Lo scandalo Dieselgate ha travolto Volkswagen a settembre 2015, creando uno sconquasso notevole all’interno del Gruppo tedesco. Riorganizzazione immediata, dimissioni del presidente Winckelmann, cambi dirigenziali e nuova policy nei confronti dei clienti. Alla fine, tutto questo ha pagato alla distanza.

Perché sono passati appena sei mesi, ma i dati di mercato relativi allo scorso anno solare parlano chiaro: il gruppo ha aumentato le sue vendite, anche se il +3,7% comunicato è sicuramente un dato inferiore rispetto a molti altri Marchi, che viaggiano su incrementi a doppia cifra. Questo, però, deve essere letto anche in un’altra chiave: l’azienda tedesca è riuscita a mantenere la fidelizzazione con il pubblico proprio recitando il “mea culpa”, quello che in molti spesso non fanno trincerandosi dietro a dati di mercato da leggere come vogliono loro o semplicemente con il silenzio che, a lungo andare, si sa, porta alla dimenticanza.

In questo caso, invece, l’ammissione di colpa ha funzionato alla grande. Certo, anche il Gruppo Volkswagen ha beneficiato della crescita del mercato asiatico; proprio lì dove altri marchi hanno portato a casa anche un +20-30%, il brand tedesco si è “fermato” al +12% per quanto concerne tutto il comparto Asia-Pacifico e +13,9% per la sola Cina.

Numeri che, però, hanno di fatto reso meno pesante il -29,5% della Russia e il -38,8% del Brasile. Anche qui ci troviamo di fronte a due casi che hanno coinvolto tutto il movimento dell’automotive mondiale, segno che comunque Volkswagen non è uscita dal gruppo dei top brand mondiali.

Per quanto concerne i singoli marchi, invece, il +24,2% di Porsche e il +21,4% di MAN hanno fatto da traino, anche se si tratta ovviamente di numeri piccoli (per Porsche si parla di 19.900 vetture vendute, per MAN 6.800), mentre in generale sono tutti positivi i brand del Gruppo: solo Seat non ha aumentato la sua quota, ma per il resto la consorziata tedesca è riuscita a piazzare sul mercato 847.800 veicoli.
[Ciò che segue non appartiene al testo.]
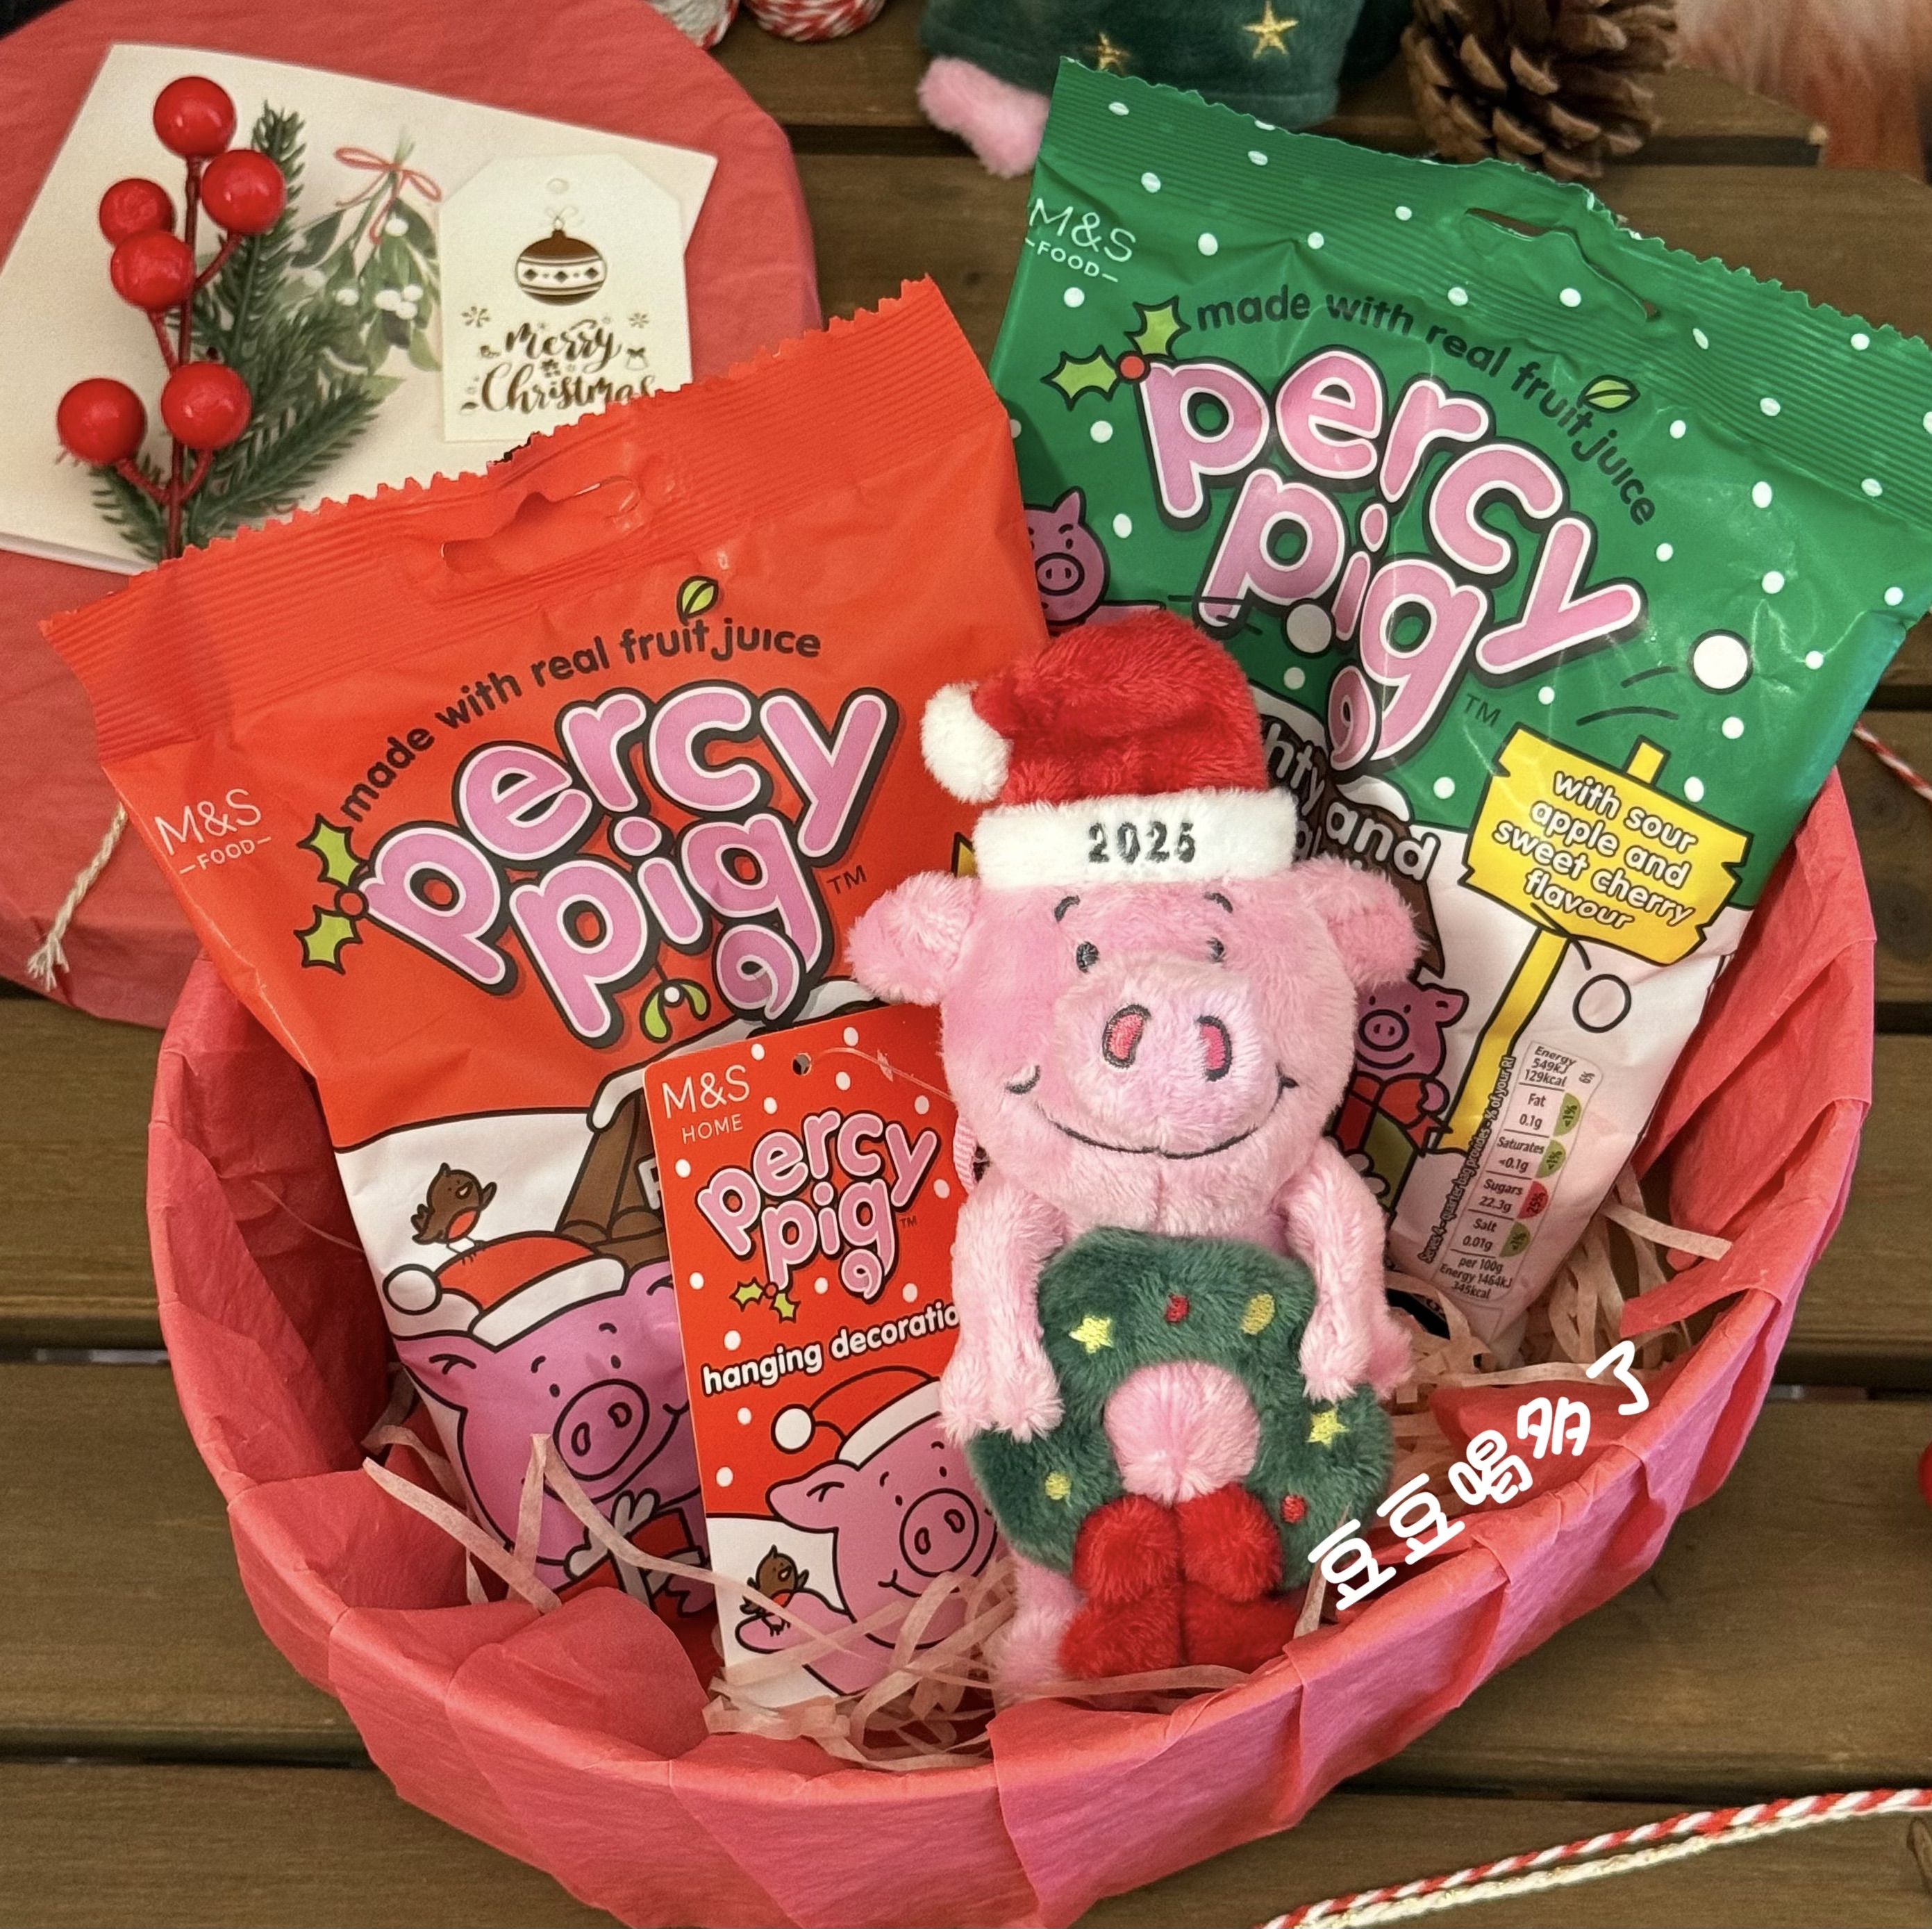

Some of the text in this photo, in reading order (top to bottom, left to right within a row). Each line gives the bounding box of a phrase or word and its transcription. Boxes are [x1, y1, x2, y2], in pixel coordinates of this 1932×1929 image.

[1029, 198, 1136, 262] M&S
[506, 318, 622, 374] Merry
[1197, 285, 1656, 526] made with real fruit juice
[1138, 349, 1642, 674] percy
[1197, 467, 1501, 771] pig TM
[340, 618, 822, 823] made with real fruit juice
[154, 788, 262, 856] M&S
[357, 684, 889, 986] percy
[1554, 770, 1699, 854] with sour
[1088, 820, 1197, 863] 2025
[1325, 801, 1438, 881] and
[1529, 800, 1692, 890] apple and
[1493, 820, 1696, 927] sweet cherry
[1523, 867, 1635, 929] flavour
[508, 811, 867, 1040] pig TM
[1525, 1068, 1568, 1088] 129kcal
[1531, 1057, 1569, 1075] 549kJ
[1534, 1045, 1577, 1068] Energy
[662, 1064, 750, 1119] M&S
[1527, 1093, 1547, 1108] Fat
[681, 1114, 744, 1145] HOME
[1496, 1136, 1545, 1155] Saturates
[1519, 1113, 1543, 1131] 0.1g
[697, 1110, 938, 1257] percy
[1483, 1178, 1524, 1197] Sugars
[1498, 1157, 1530, 1174] <0.1g
[1472, 1218, 1498, 1233] Salt
[1478, 1195, 1513, 1214] 22.3g
[760, 1178, 917, 1300] pig TM
[1458, 1257, 1504, 1275] per 100g
[1462, 1235, 1494, 1251] 0.01g
[1439, 1263, 1477, 1283] Energy
[702, 1302, 960, 1396] hanging decoratio
In sintesi, bisognerà vedere come inizieranno i primi mesi del 2016 per poter dare un giusto giudizio sulla questione, visto che comunque Volkswagen prima dello scandalo Dieselgate aveva piazzato già molti veicoli sul mercato. Il fatto che non abbia perso quota mercato, però, deve far riflettere: perché l’azienda ha viaggiato sulle ali della trasparenza, quella che era mancata in precedenza.